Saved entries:
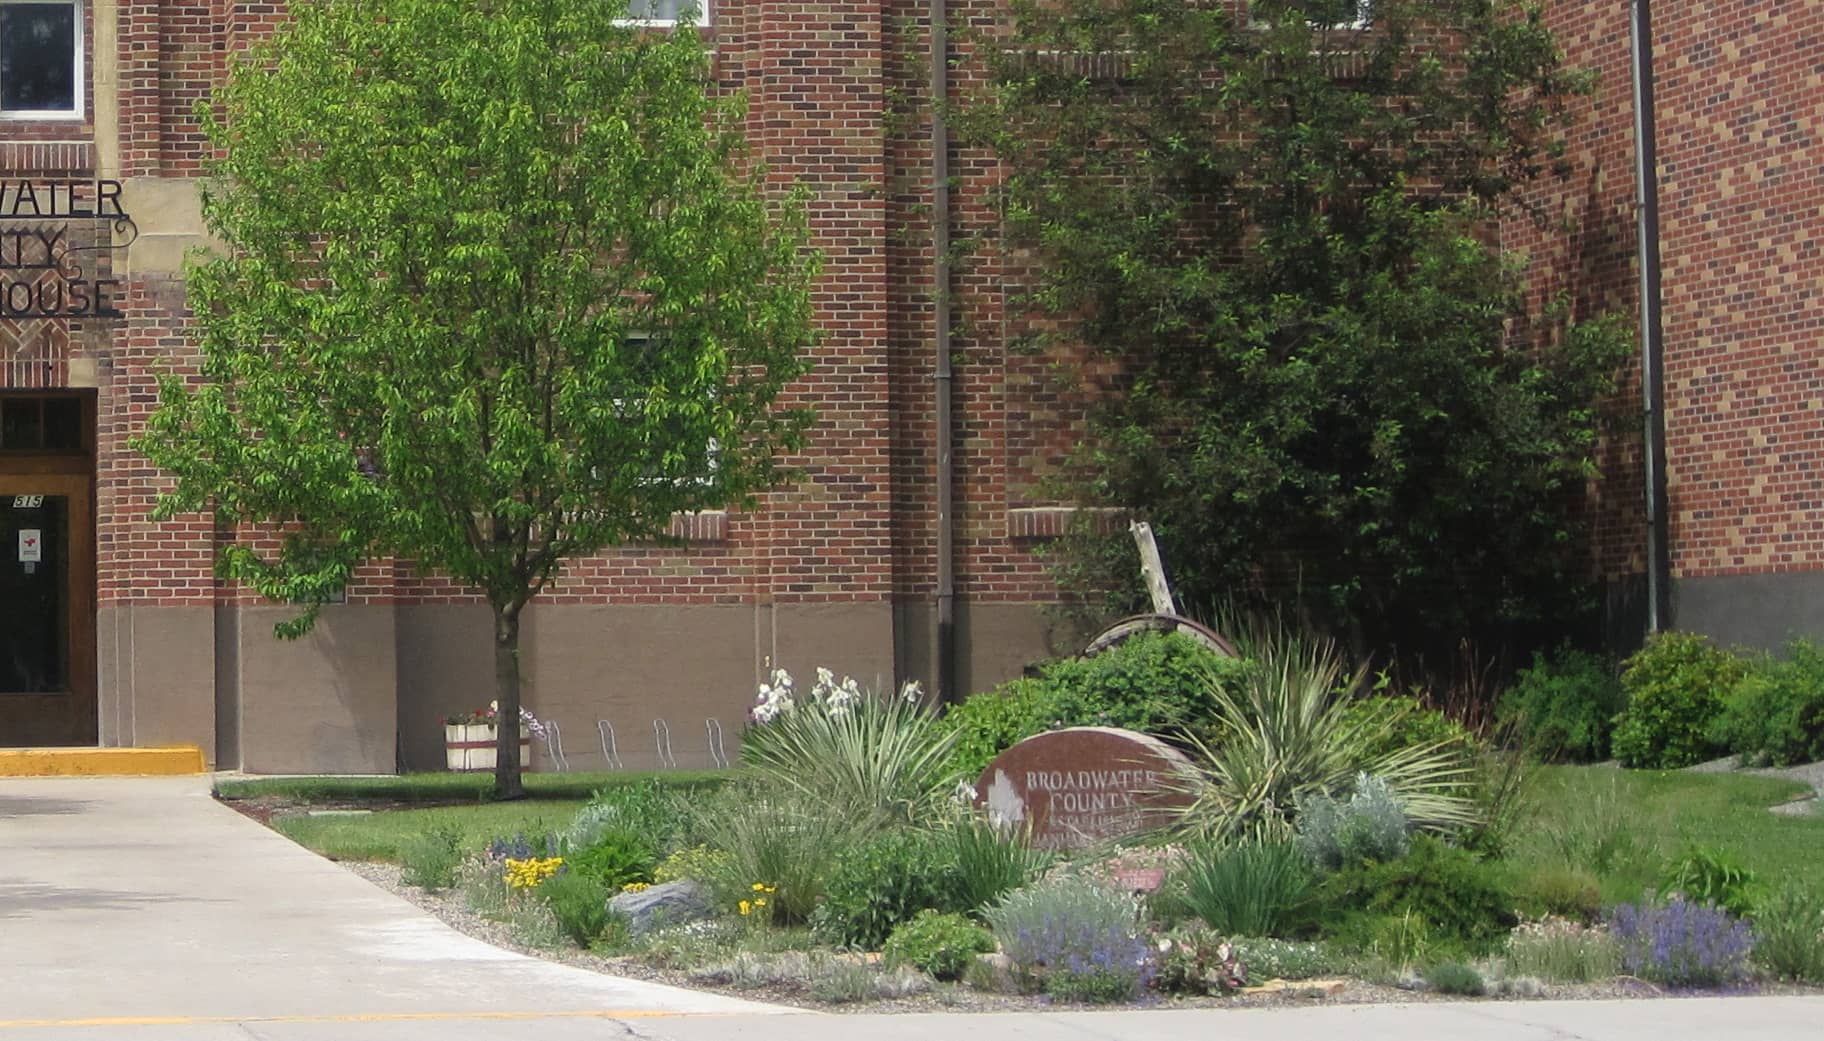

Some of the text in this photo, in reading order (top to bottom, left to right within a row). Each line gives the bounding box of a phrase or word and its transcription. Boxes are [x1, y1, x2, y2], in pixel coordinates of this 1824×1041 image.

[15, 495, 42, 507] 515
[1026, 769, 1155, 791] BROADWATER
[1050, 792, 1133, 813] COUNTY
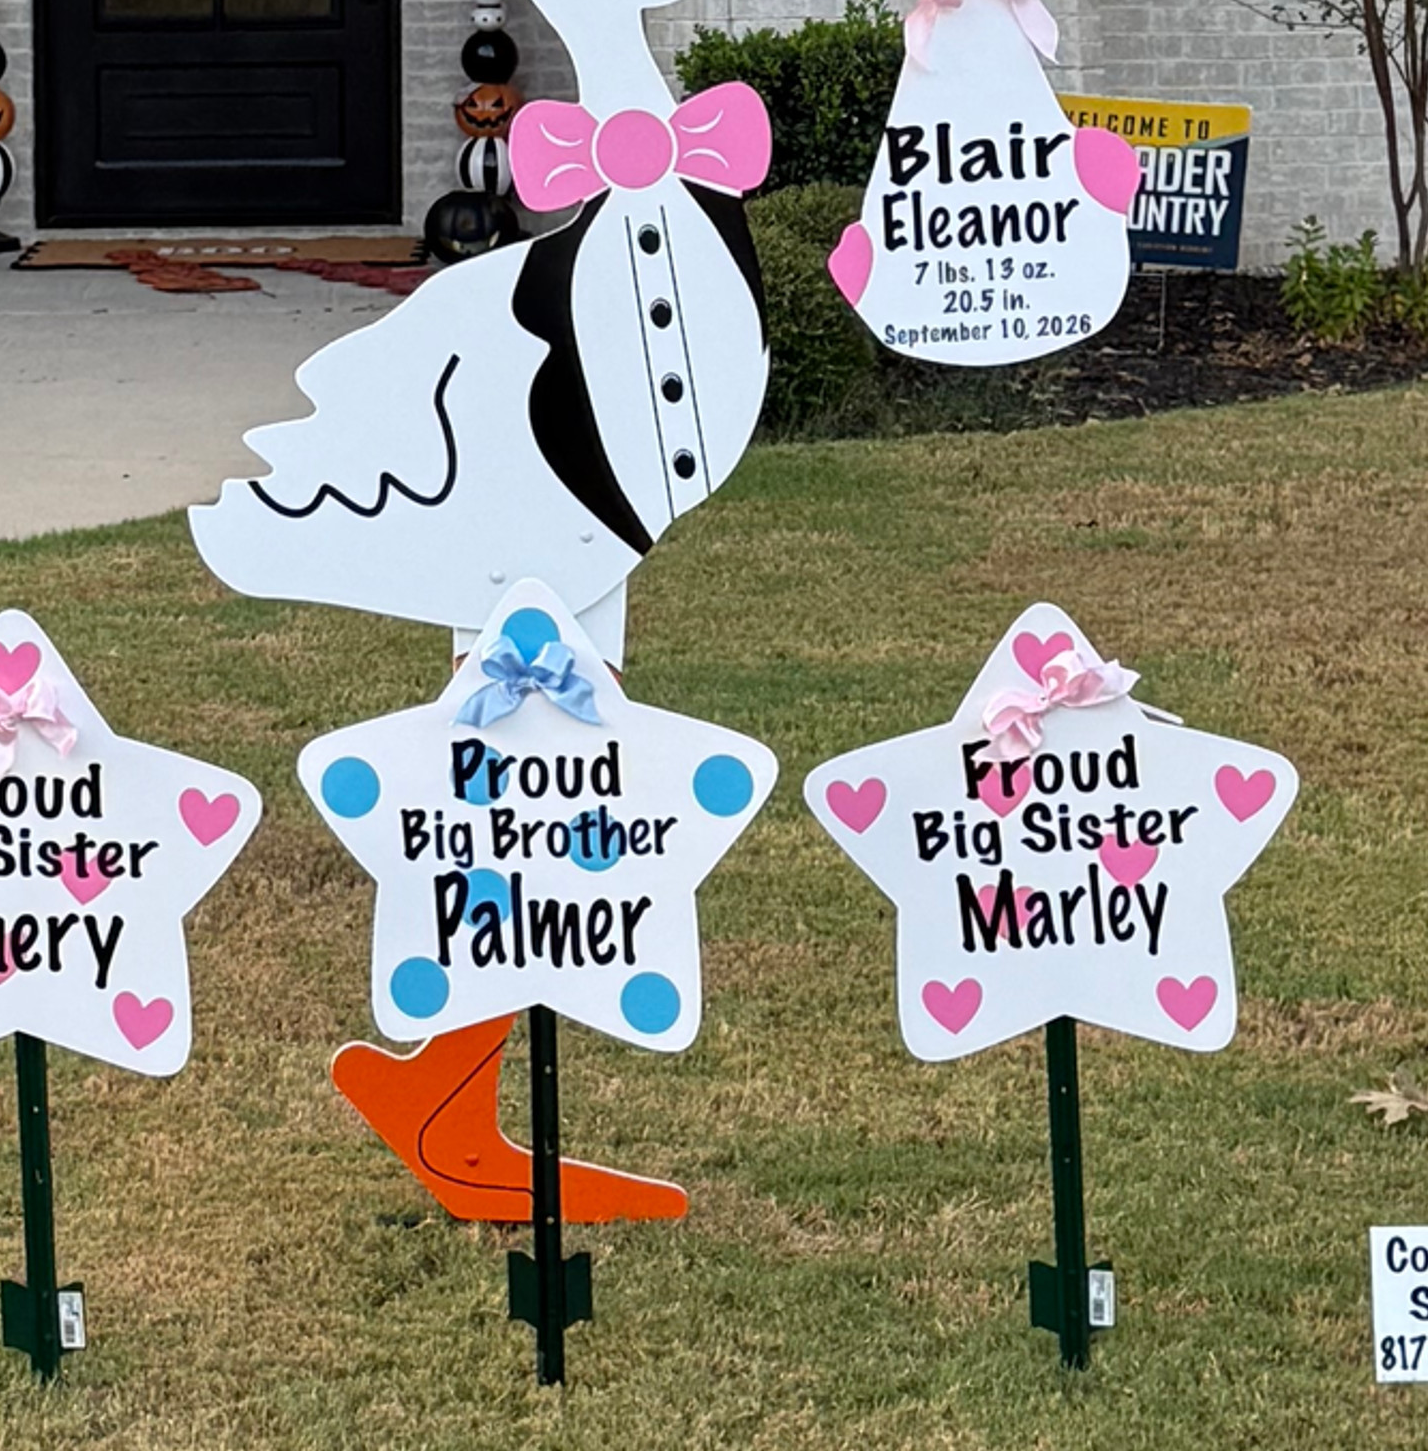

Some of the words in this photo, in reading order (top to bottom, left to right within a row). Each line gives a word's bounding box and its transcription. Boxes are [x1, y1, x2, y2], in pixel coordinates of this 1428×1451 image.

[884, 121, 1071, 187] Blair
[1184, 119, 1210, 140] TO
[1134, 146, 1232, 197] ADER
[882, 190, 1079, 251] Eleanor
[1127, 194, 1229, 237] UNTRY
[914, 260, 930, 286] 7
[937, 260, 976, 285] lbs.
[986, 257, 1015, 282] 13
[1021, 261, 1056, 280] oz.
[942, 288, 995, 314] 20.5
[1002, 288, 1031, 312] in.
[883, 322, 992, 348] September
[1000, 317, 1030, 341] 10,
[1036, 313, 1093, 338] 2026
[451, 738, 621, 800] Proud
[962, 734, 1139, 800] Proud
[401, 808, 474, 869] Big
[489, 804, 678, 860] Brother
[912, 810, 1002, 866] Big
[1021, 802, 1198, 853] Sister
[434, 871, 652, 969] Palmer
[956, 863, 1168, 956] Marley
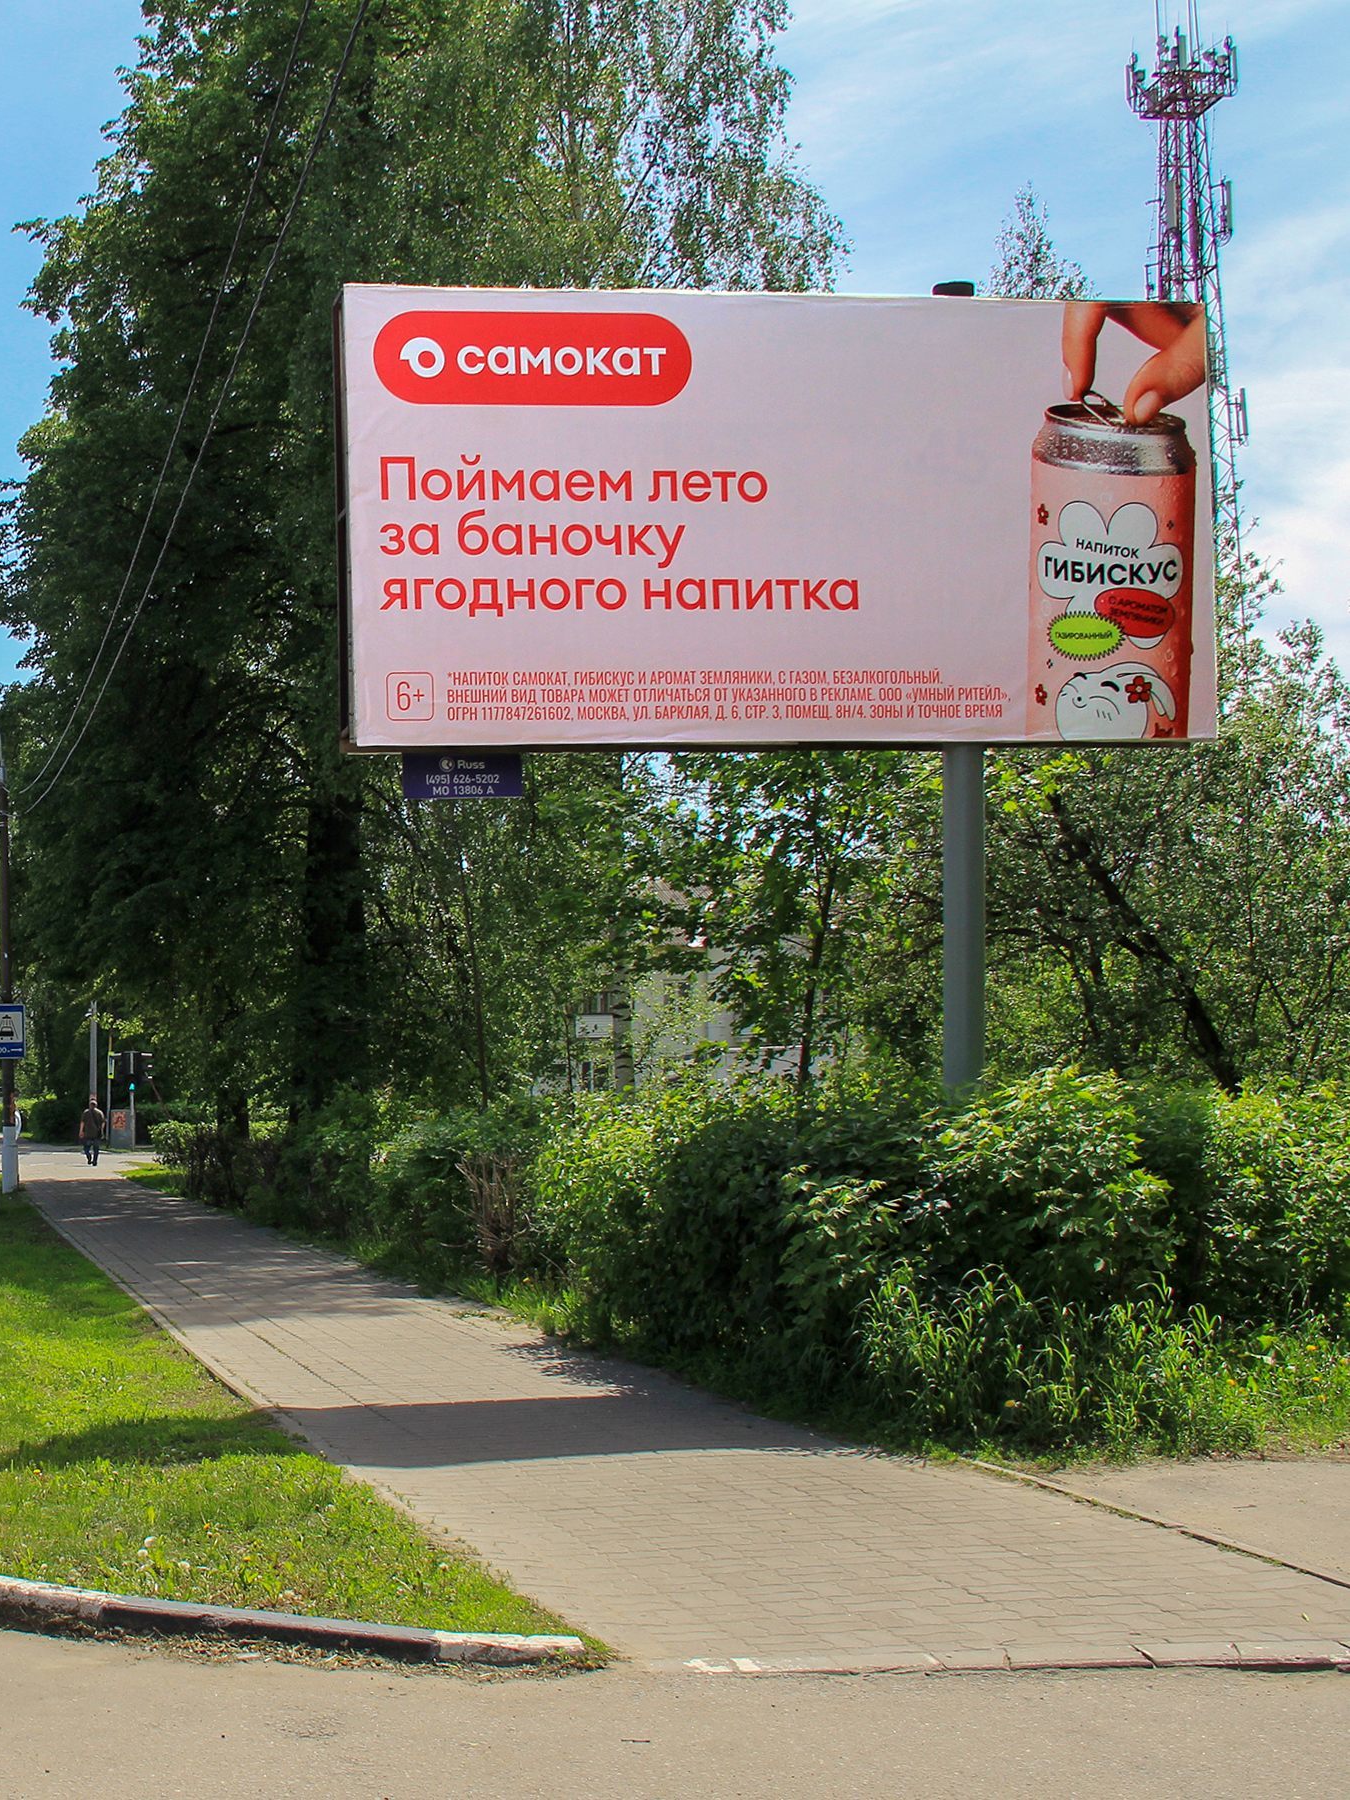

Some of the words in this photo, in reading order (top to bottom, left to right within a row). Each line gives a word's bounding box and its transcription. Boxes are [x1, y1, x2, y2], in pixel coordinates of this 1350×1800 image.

▶ [Task prompt]:
Copy the records exactly. Skip the images.

▶ [Solution to this exercise]:
Some of the text in this photo, in reading order (top to bottom, left to right within a row). Each line gives the bounding box of a phrase or word and its transcription. Boxes are [x1, y1, x2, y2], in pixel coordinates of this 1824×1041 image.

[15, 495, 42, 507] 515
[1026, 769, 1155, 791] BROADWATER
[1050, 792, 1133, 813] COUNTY

Some of the words in this photo, in reading order (top to bottom, left to right within a row). Each line gives a word's bounding box and its transcription. Boxes are [x1, y1, x2, y2], in pixel coordinates of this 1428×1451 image.

[884, 121, 1071, 187] Blair
[1184, 119, 1210, 140] TO
[1134, 146, 1232, 197] ADER
[882, 190, 1079, 251] Eleanor
[1127, 194, 1229, 237] UNTRY
[914, 260, 930, 286] 7
[937, 260, 976, 285] lbs.
[986, 257, 1015, 282] 13
[1021, 261, 1056, 280] oz.
[942, 288, 995, 314] 20.5
[1002, 288, 1031, 312] in.
[883, 322, 992, 348] September
[1000, 317, 1030, 341] 10,
[1036, 313, 1093, 338] 2026
[451, 738, 621, 800] Proud
[962, 734, 1139, 800] Proud
[401, 808, 474, 869] Big
[489, 804, 678, 860] Brother
[912, 810, 1002, 866] Big
[1021, 802, 1198, 853] Sister
[434, 871, 652, 969] Palmer
[956, 863, 1168, 956] Marley

Some of the words in this photo, in reading order (top to bottom, left to right within a row). Each line gives a word's bounding box and its transcription. Boxes are [x1, y1, x2, y2], in pixel coordinates of this 1350×1800 image.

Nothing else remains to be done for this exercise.